Requirement - Without any images, output the records below verbatim.

##############################

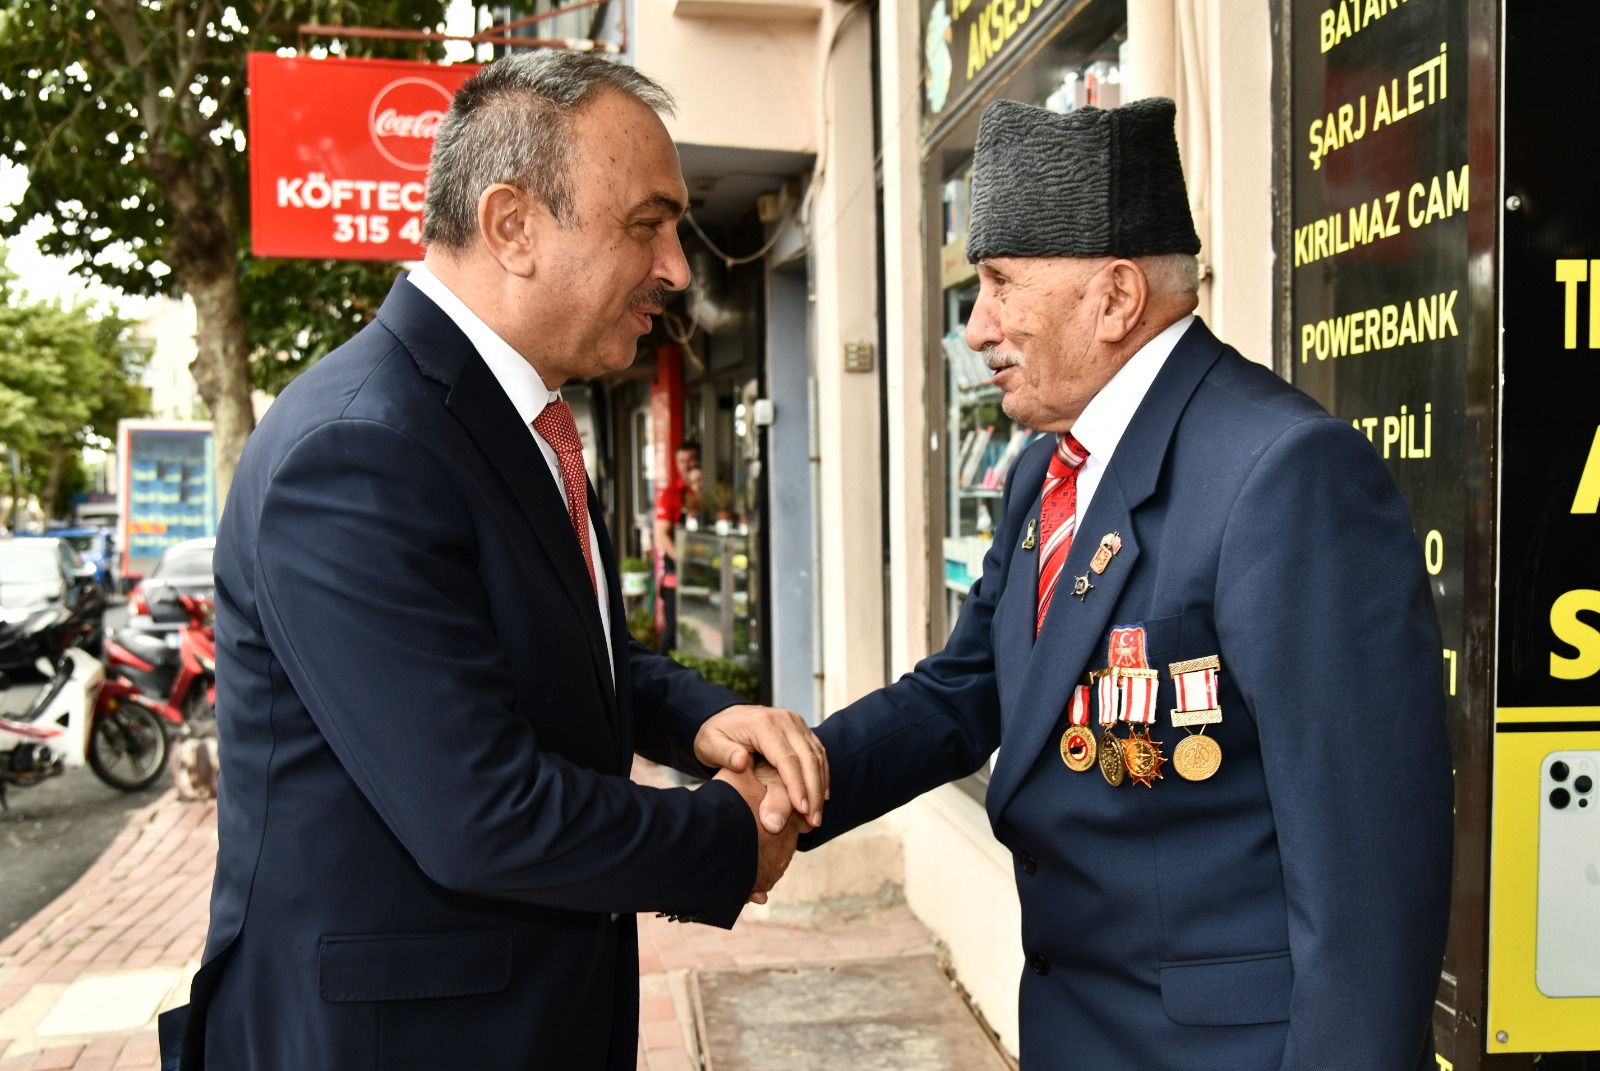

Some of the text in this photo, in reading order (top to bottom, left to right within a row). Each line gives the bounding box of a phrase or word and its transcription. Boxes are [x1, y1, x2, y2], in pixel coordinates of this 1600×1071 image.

[1320, 0, 1408, 53] BATA
[1309, 42, 1447, 170] ŞARJ ALETİ
[277, 172, 428, 212] KÖFTEC
[1295, 164, 1469, 267] KIRILMAZ CAM
[332, 214, 389, 243] 315
[1302, 289, 1458, 364] POWERBANK
[1383, 402, 1431, 459] PİLİ
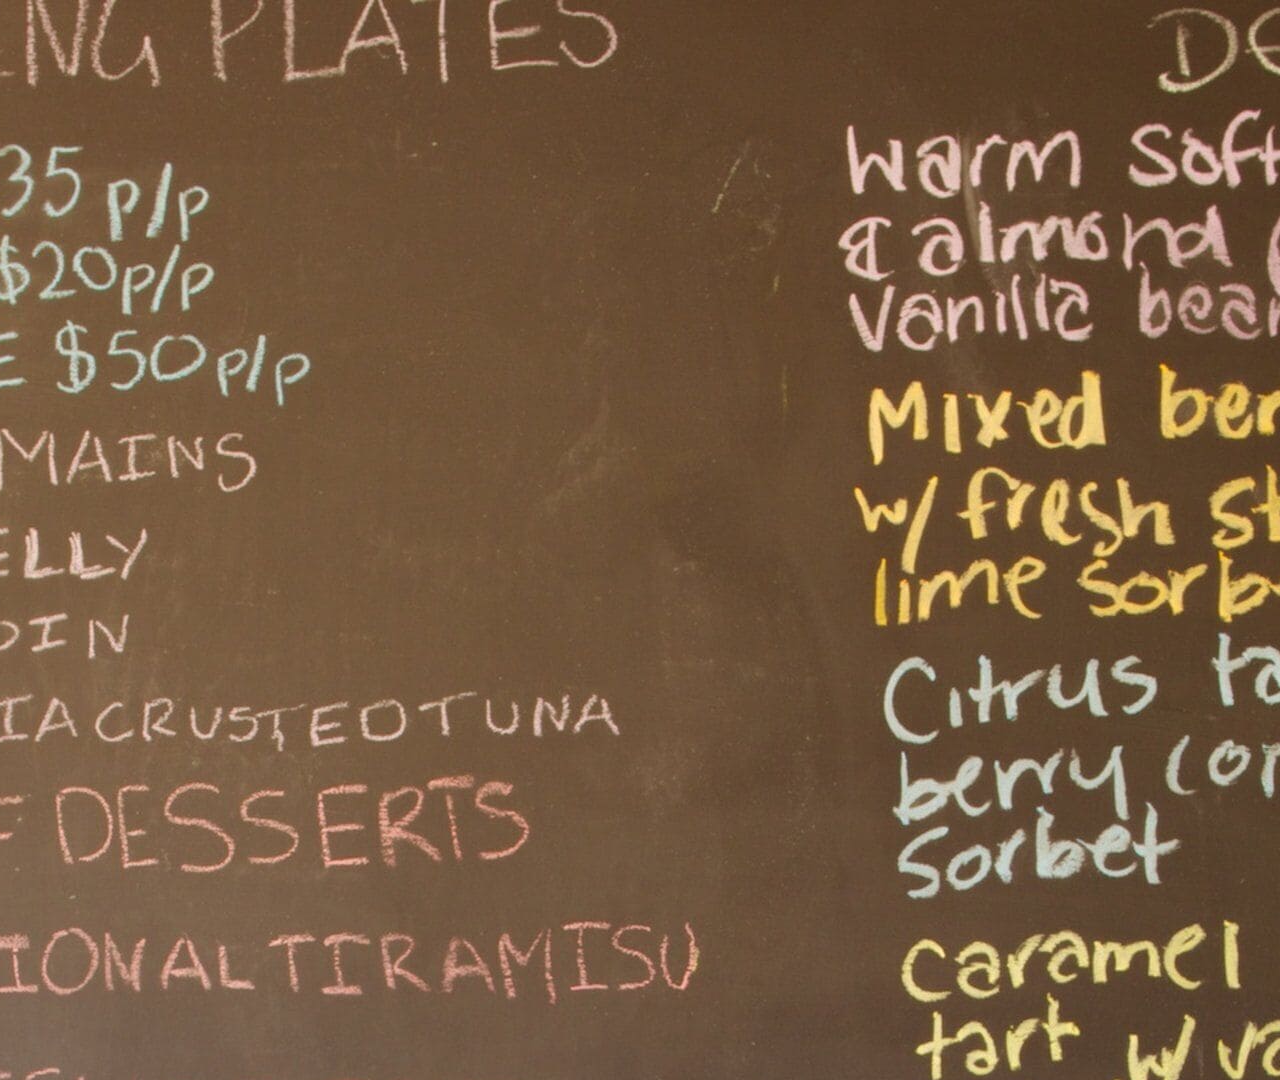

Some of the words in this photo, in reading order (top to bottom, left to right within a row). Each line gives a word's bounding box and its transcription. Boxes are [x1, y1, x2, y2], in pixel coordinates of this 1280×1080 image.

[911, 202, 1232, 275] almond
[965, 467, 1176, 555] fresh
[874, 555, 1047, 626] lime
[884, 655, 1157, 744] Citrus
[55, 775, 530, 872] DESSERTS
[893, 746, 1130, 825] berry
[898, 802, 1180, 898] sorbet
[268, 921, 700, 1004] TIRAMISU
[915, 992, 1080, 1080] tart
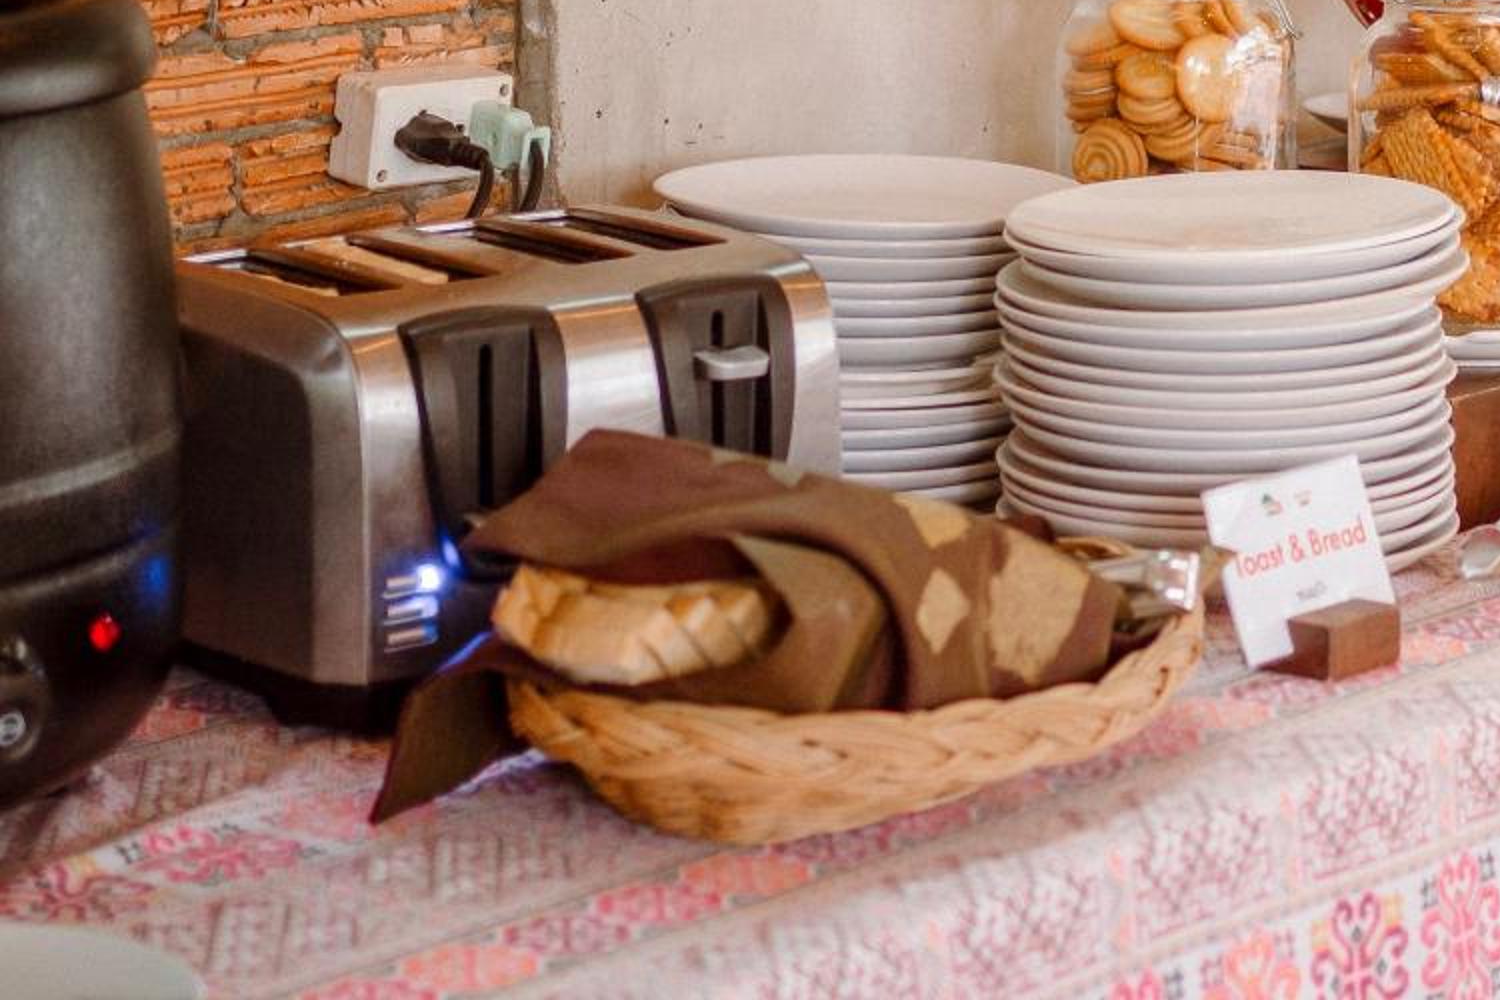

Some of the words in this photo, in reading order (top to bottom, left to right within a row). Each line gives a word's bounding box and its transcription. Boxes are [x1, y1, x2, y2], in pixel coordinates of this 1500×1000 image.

[1234, 543, 1284, 578] Toast
[1287, 534, 1306, 563] &
[1307, 513, 1367, 556] Bread

##############################

Written solution -
Some of the text in this photo, in reading order (top to bottom, left to right within a row). Each line gives the bounding box of a phrase or word and its transcription. Boxes are [x1, y1, x2, y2], in pixel coordinates of this 1600×1071 image.

[1320, 0, 1408, 53] BATA
[1309, 42, 1447, 170] ŞARJ ALETİ
[277, 172, 428, 212] KÖFTEC
[1295, 164, 1469, 267] KIRILMAZ CAM
[332, 214, 389, 243] 315
[1302, 289, 1458, 364] POWERBANK
[1383, 402, 1431, 459] PİLİ

Some of the words in this photo, in reading order (top to bottom, left to right within a row). Each line gives a word's bounding box and its transcription. Boxes are [x1, y1, x2, y2], in pixel coordinates of this 1280×1080 image.

[911, 202, 1232, 275] almond
[965, 467, 1176, 555] fresh
[874, 555, 1047, 626] lime
[884, 655, 1157, 744] Citrus
[55, 775, 530, 872] DESSERTS
[893, 746, 1130, 825] berry
[898, 802, 1180, 898] sorbet
[268, 921, 700, 1004] TIRAMISU
[915, 992, 1080, 1080] tart

Some of the words in this photo, in reading order (top to bottom, left to right within a row). Each line gives a word's bounding box and its transcription. Boxes are [x1, y1, x2, y2], in pixel coordinates of this 1500×1000 image.

[1234, 543, 1284, 578] Toast
[1287, 534, 1306, 563] &
[1307, 513, 1367, 556] Bread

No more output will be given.